Sono finestre, ma anche pannelli solari: la tecnologia innovativa e sostenibile che aggira i vincoli

Glass To Power, da vetro a energia: l’idea innovativa alla base delle finestre fotovoltaiche permette di risolvere i problemi di spazio e di estetica che ancora rendono la tecnologia solare poco accessibile o applicabile.
Sara Polotti 8 Settembre 2022

Uno dei problemi dell'energia solare è certamente quello relativo al consumo di spazio. Non solo i classici e tradizionali parchi fotovoltaici mangiano enormi aree di terreno, ma anche i pannelli installati nelle abitazioni private o nelle aziende possono rappresentare un ostacolo, se lo spazio è risicato. Non ultimo, certe zone residenziali o naturali sono soggette a vincoli urbani e ambientali che non permettono di riempire i tetti di celle fotovoltaiche, perché troppo impattanti dal punto di vista estetico.

Tutte questioni valide, ma per fortuna aggirabili e risolvibili. Come? Cambiando finalmente la tecnologia in modo che dimensioni ed estetica non siano più un problema. Hai mai pensato, per esempio, a come sarebbero dei pannelli totalmente trasparenti?

Un'azienda italiana ha sviluppato recentemente dei pannelli fotovoltaici che, all'apparenza, sembrano finestre. Una rivoluzione sostenibile davvero importante.
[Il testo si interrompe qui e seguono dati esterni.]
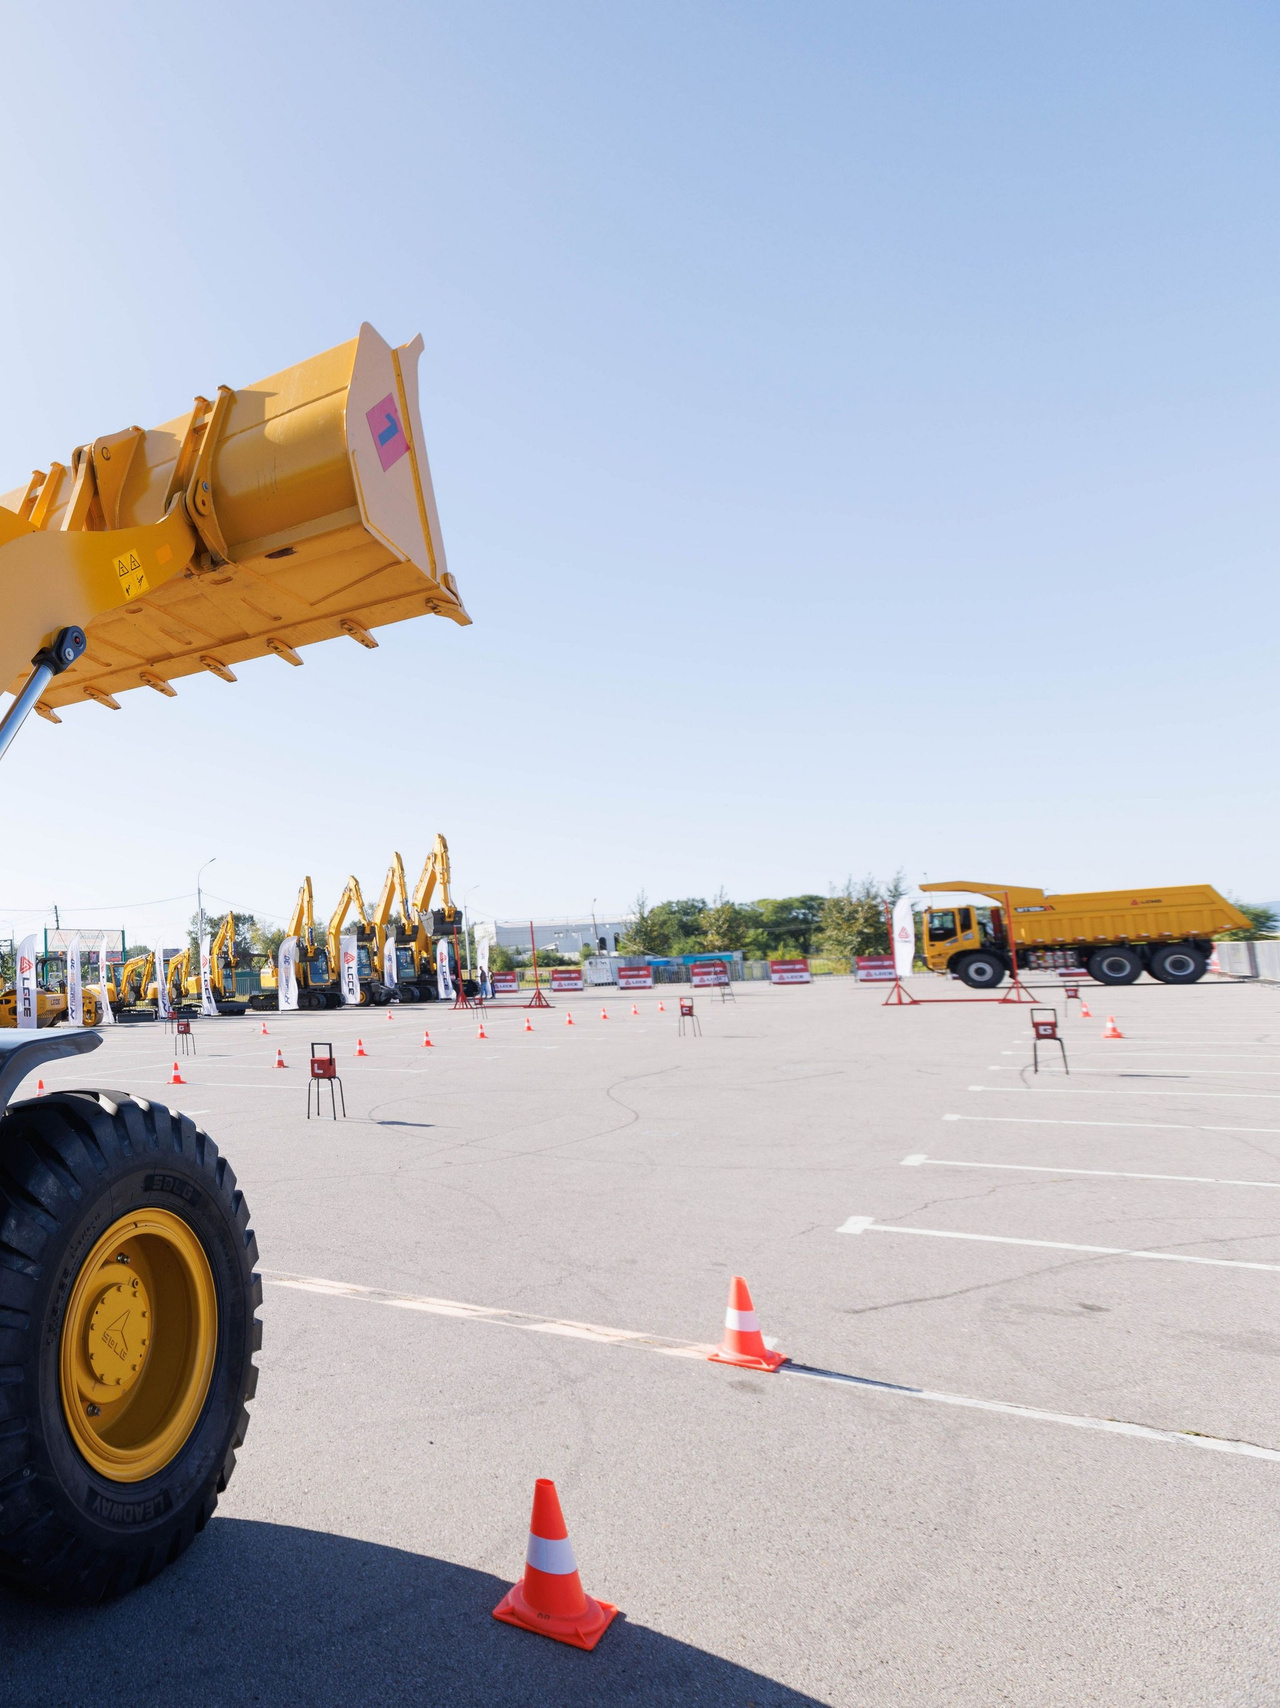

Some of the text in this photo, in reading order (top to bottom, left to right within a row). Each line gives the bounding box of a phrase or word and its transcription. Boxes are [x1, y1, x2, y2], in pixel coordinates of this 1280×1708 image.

Le finestre fotovoltaiche italiane

Glass To Power

L'idea alla base di questa nuova tecnologia per produrre pannelli fotovoltaici che somigliano in tutto e per tutto alle finestre venne intorno al 2016 ai professori Francesco Meinardi e Sergio Brovelli, docenti di Fisica della Materia e di Fisica Sperimentale del Dipartimento di Scienza dei Materiali dell'Università di Milano Bicocca. Proprio qui, il dipartimento ha sviluppato dei brevetti su nuove classi di nano materiali, alla base della produzione di finestre e vetrate capaci di immagazzinare energia solare e di produrre potenze fino a 50W per metro quadro. Senza, come al solito, impattare esteticamente o a livello spaziale.

Dalla partnership dell'Università Bicocca con la società di consulenza tecnologica Management Innovation è stata così costituita l'azienda spin-off Glass To Power: questo il nome del prodotto industrializzato, che viene ricercato e prodotto nella sede di Rovereto.

Come funzionano

Alla base del funzionamento di queste finestre fotovoltaiche sta la tecnologia LSC, o dei Concentratori Solari Luminescenti, ovvero lastre di luce plastica all'interno delle quali vengono incorporate le nanoparticelle otticamente attive in grado di catturare e concentrare i raggi solari. Le finestre, in questo modo, sono di fatto dei pannelli solari semitrasparenti.

Negli anni successivi al 2016 (anno della fondazione di Glass To Power) i ricercatori hanno poi implementato la tecnologia, iniziando a impiegare anche le nanosfere di silicio, e non solo quelle al cadmio o al selenio, in linea con le più recenti scoperte.

Le applicazioni pratiche

Queste finestre semi-trasparenti che trasformano le radiazioni solari in energia elettrica sono una rivoluzione nel mondo del fotovoltaico, perché permettono di installare pannelli anche in zone in cui prima era ritenuto impossibile, a causa degli spazi o dei vincoli. Ora anche le semplici abitazioni potranno richiedere questo tipo di tecnologia, installando le finestre fotovoltaiche al posto dei classici serramenti, così come le aziende.

Glass To Power, da parte sua, ha già iniziato a collaborare con aziende pubbliche e private per installare le finestre solari che aiutano ad abbassare le emissioni. Ferrovie dello Stato, ad esempio, ha chiesto un supporto per il progetto GreenHub alla stazione di Rapallo; l'Associazione Isola Tiberina ha voluto sfruttare i vetri per raggiungere l'obiettivo di impatto zero; mentre la Regione Piemonte ha usato le vetrate per alcune serre smart nell'ambito del programma Help2Grow.